A walk through Chinnor Hill

It was such as beautiful day today that we went for a walk through the woods at Chinnor Hill. It's stunning woodland made up mostly of ancient beech trees.

#100DaysOfNature Day 99

Initially there seemed to be very few fungi, but there was actually quite a lot there, it just took a bit of hunting as it was all well camouflaged in the fallen leaves.

We found two very small Amethyst Deceivers. The picture doesn't show the colour very well as they were actually really quite purple. There were also several patches of Rosy Bonnets. They are pale pink when they are newly grown, turning darker as they get older. They're a pretty colour, but toxic, so not to be touched.

Amethyst Deceiver
Pale pink, newly emerged Rosy Bonnets

Rosy Bonnets

A Rosy Bonnet that has turned darker as it aged

We found a few different ink caps - They start out domed, then flatten out, turn black and start to disintegrate, literally dripping away like ink (hence the name).

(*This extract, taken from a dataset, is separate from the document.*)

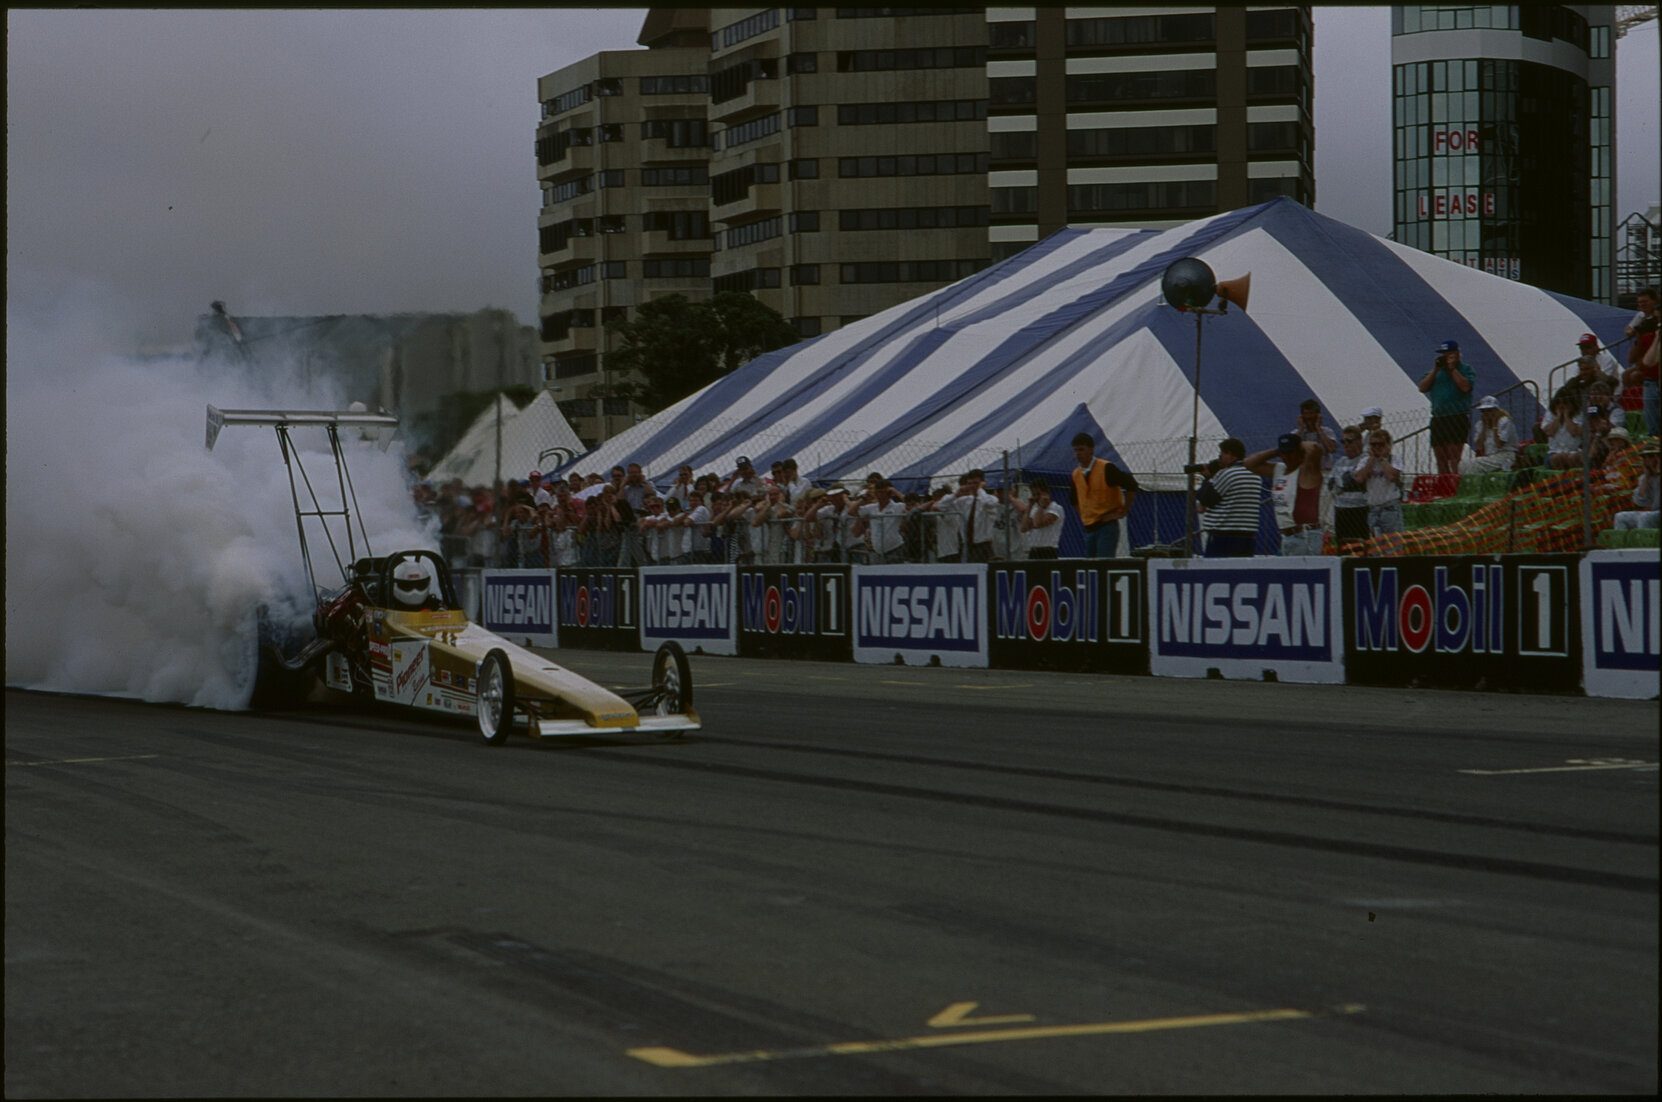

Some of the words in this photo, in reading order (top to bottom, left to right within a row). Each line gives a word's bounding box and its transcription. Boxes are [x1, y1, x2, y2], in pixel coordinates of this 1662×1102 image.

I believe this is an ink cap that has started to disintegrate
We found one ink cap that appeared to have flecks of white on the cap, which were the remnants of the covering that had been over the cap when it first grew (similar to the white spots on a fly agaric). This one could be a Magpie Ink Cap, which is quite a rare find.

#100DaysOfNature Day 96 - Magpie Ink Cap

There were several types of bracket fungus, including Many-zones Polypore, Dryad's Saddle and Artisit's Fungus.

Many-zoned Polypore

Dryad's Saddle

Artist's Fungus

The underside of Artist's Fungus - it gets it's name because you are
supposed to be able to draw on the white surface.
A few of our other discoveries ...

Maybe a type of bracket fungus - it looked well chewed!

Large yellow fungus hidden in the leaf litter

Fairies Bonnets

Growing out of a hole in a log

Common Puffballs
Looks a bit like popcorn - called Variable Oysterling

#100DaysOfNature Day 98 - Variable Oysterlings

We also found a tree trunk with lots of holes in it, that I believe are made by a bee, maybe a Carpenter Bee.